(Beginning of RECORDS PROVIDED)

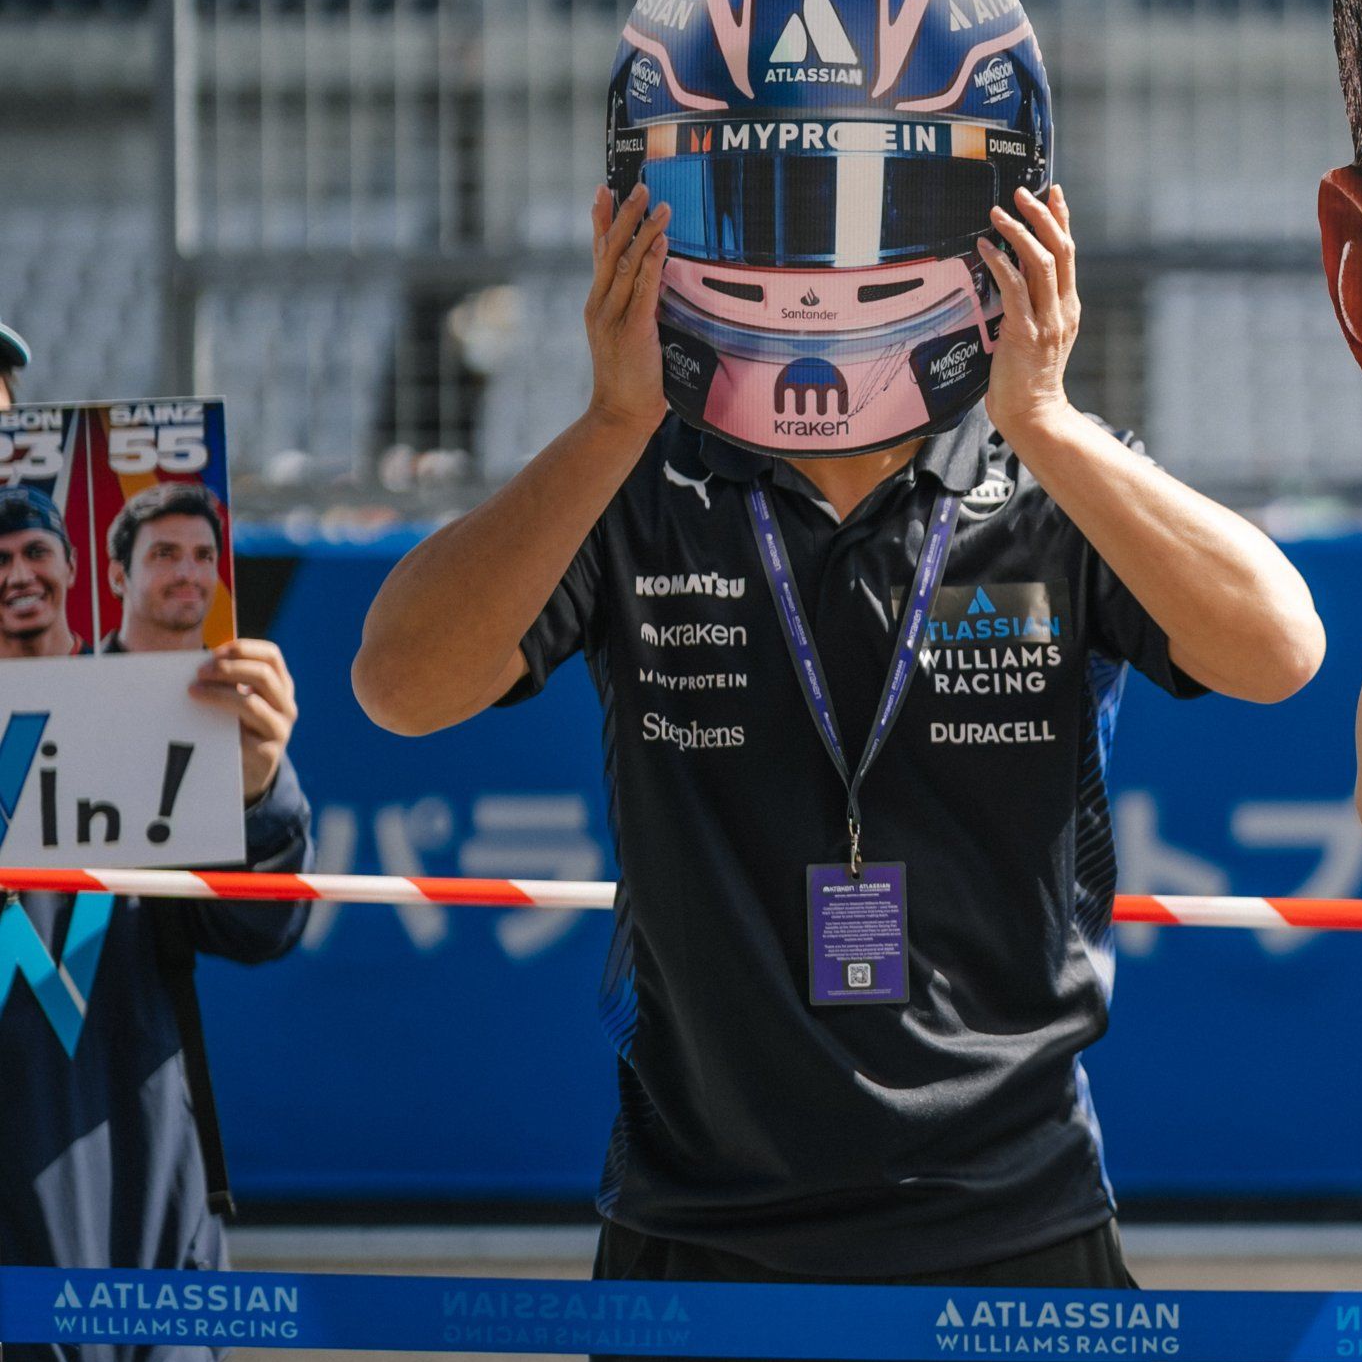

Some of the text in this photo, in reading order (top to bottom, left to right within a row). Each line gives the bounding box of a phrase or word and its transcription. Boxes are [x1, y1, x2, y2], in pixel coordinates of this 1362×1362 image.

[765, 68, 862, 85] ATLASSIAN
[616, 138, 644, 152] DURACELL
[989, 139, 1026, 156] DURACELL
[781, 308, 838, 320] Santander
[941, 361, 967, 380] VALLEY
[0, 408, 62, 431] BON
[109, 405, 204, 426] SAINZ
[774, 419, 849, 436] kraken
[109, 425, 208, 474] 55
[636, 572, 746, 598] KOMATSU
[661, 623, 747, 646] kraken
[925, 616, 1060, 641] TLASSIAN
[919, 645, 1061, 670] WILLIAMS
[656, 672, 747, 690] MYPROTEIN
[935, 671, 1046, 694] RACING
[642, 712, 745, 751] Stephens
[930, 720, 1056, 744] DURACELL
[89, 1282, 298, 1312] ATLASSIAN
[971, 1300, 1179, 1329] ATLASSIAN

(End of RECORDS PROVIDED)

◆ WORK REQUIRED ◆
Because only the text is wanted, repeat all the entries exactly and leave out the pictures.

◆ RESPONSE ◆
Some of the text in this photo, in reading order (top to bottom, left to right within a row). Each line gives the bounding box of a phrase or word and its transcription. Boxes are [x1, y1, x2, y2], in pixel coordinates of this 1362×1362 image.

[765, 68, 862, 85] ATLASSIAN
[616, 138, 644, 152] DURACELL
[989, 139, 1026, 156] DURACELL
[781, 308, 838, 320] Santander
[941, 361, 967, 380] VALLEY
[0, 408, 62, 431] BON
[109, 405, 204, 426] SAINZ
[774, 419, 849, 436] kraken
[109, 425, 208, 474] 55
[636, 572, 746, 598] KOMATSU
[661, 623, 747, 646] kraken
[925, 616, 1060, 641] TLASSIAN
[919, 645, 1061, 670] WILLIAMS
[656, 672, 747, 690] MYPROTEIN
[935, 671, 1046, 694] RACING
[642, 712, 745, 751] Stephens
[930, 720, 1056, 744] DURACELL
[89, 1282, 298, 1312] ATLASSIAN
[971, 1300, 1179, 1329] ATLASSIAN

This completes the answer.